### About this task
Transcribe every record without leaving anything out or changing a word.

- - -

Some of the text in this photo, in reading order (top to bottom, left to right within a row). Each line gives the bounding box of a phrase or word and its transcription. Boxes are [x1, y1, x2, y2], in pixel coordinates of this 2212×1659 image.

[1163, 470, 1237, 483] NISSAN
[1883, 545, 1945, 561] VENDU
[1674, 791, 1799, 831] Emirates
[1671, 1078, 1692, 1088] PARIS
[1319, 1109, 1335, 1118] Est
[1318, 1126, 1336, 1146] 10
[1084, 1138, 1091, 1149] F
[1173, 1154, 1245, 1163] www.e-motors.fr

- - -

### Task solution
Some of the text in this photo, in reading order (top to bottom, left to right within a row). Each line gives the bounding box of a phrase or word and its transcription. Boxes are [x1, y1, x2, y2], in pixel coordinates of this 2212×1659 image.

[1163, 470, 1237, 483] NISSAN
[1883, 545, 1945, 561] VENDU
[1674, 791, 1799, 831] Emirates
[1671, 1078, 1692, 1088] PARIS
[1319, 1109, 1335, 1118] Est
[1318, 1126, 1336, 1146] 10
[1084, 1138, 1091, 1149] F
[1173, 1154, 1245, 1163] www.e-motors.fr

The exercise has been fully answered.